Right. This is why I'm not sure we want to be recommending either as
`the` Python way to do concurrency.
> What use case *requires* sharing?
Strictly speaking, it's always avoidable. But in setup-heavy systems,
avoiding SHM is a massive and costly pain. Consider web applications;
ideally, you can preload one copy of all of your translations, database
information, and other static information, into RAM -- and have worker
threads do reads from this table as they're processing individual
requests.
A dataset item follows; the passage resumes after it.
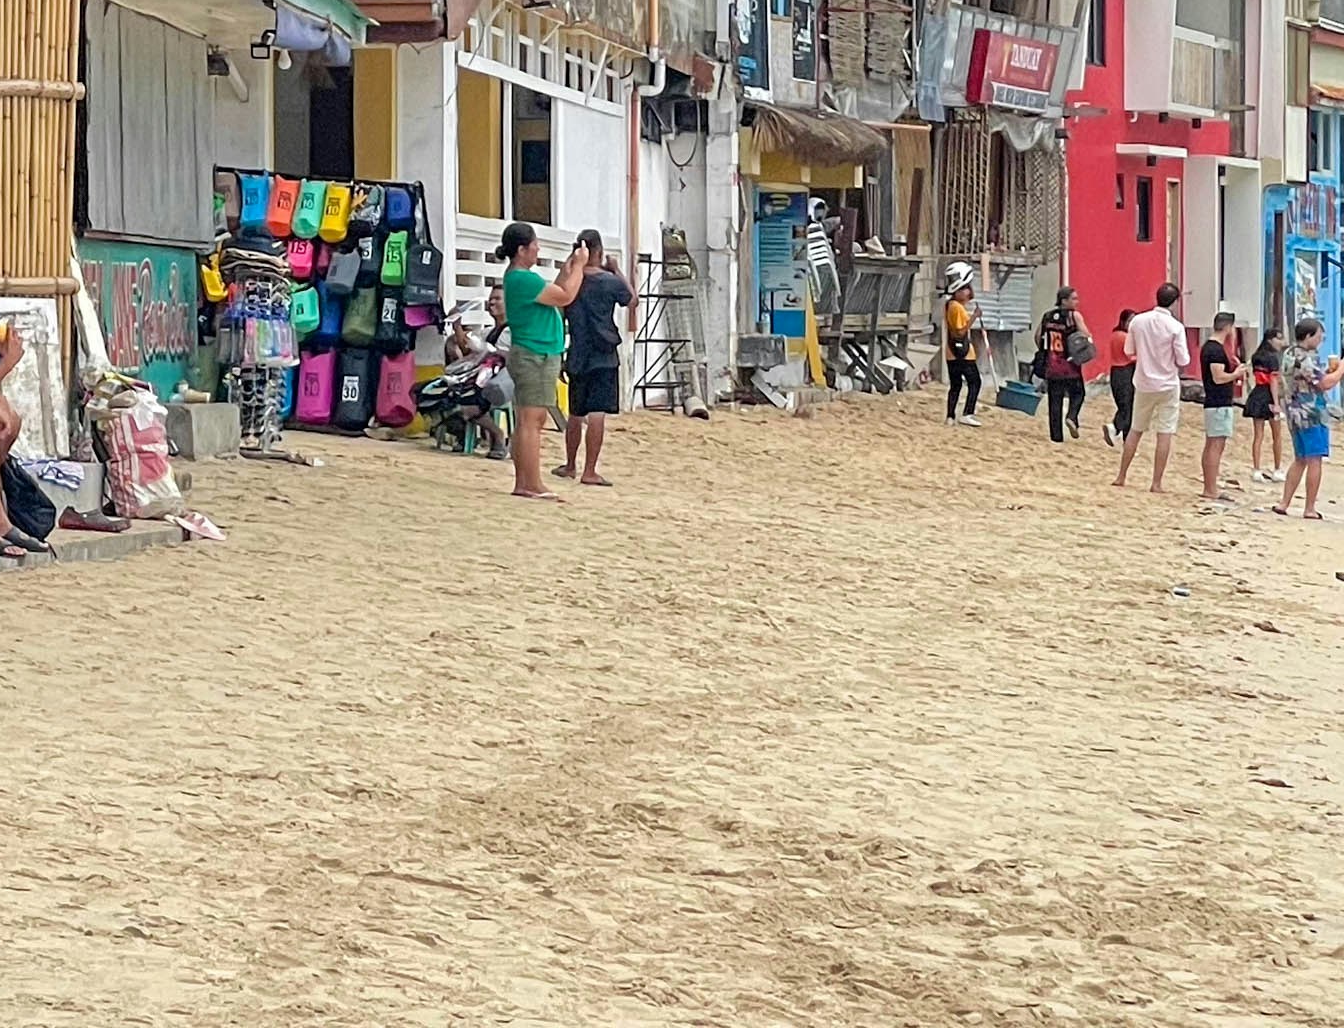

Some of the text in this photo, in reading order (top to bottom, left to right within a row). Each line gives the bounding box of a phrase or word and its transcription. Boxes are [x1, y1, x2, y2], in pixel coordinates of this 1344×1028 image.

[328, 204, 340, 214] 10
[387, 250, 401, 262] 15
[343, 385, 357, 399] 30
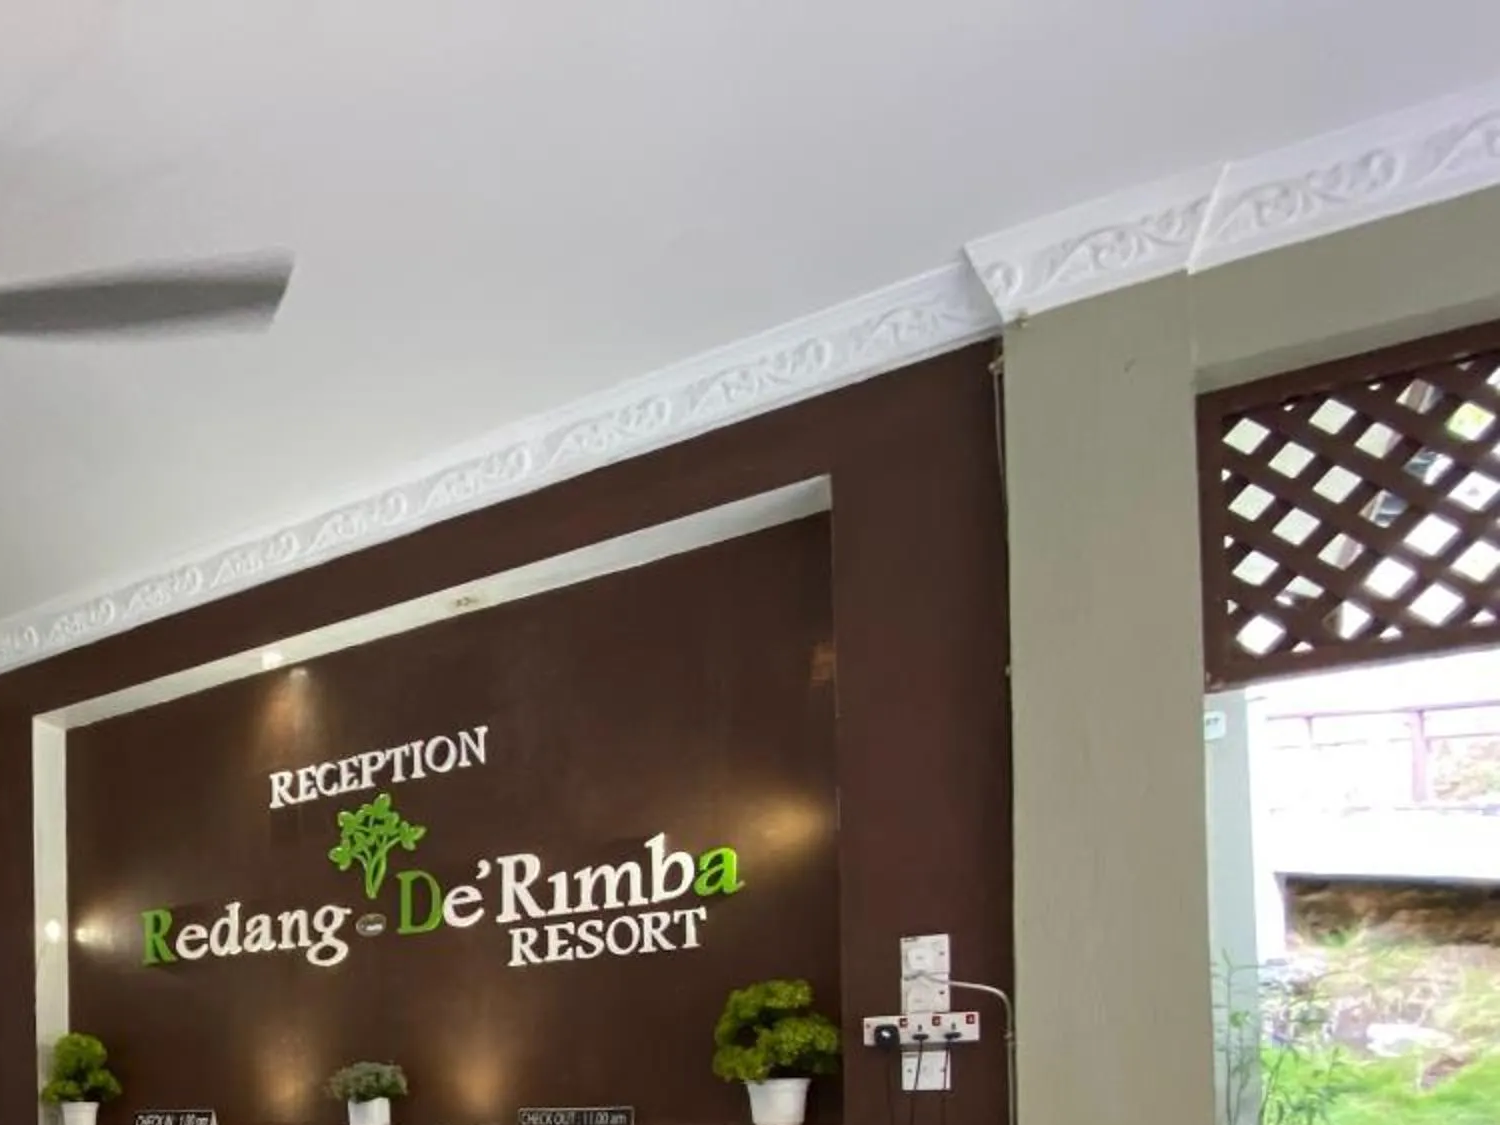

Without SHM, you'd have to either duplicate the static set in
memory for each CPU, or make individual requests for each desired piece
of information to the master process that keeps the static set in RAM.
I've seen a number of computationally-bound systems that require an
authoritative copy of a (large) dataset in RAM, and are OK with paying
the cost of a read waiting on a lock during a write (and since writes
only happen at the completion of complex calculations, they generally
want to use locking like that provided by brlocks in the Linux kernel).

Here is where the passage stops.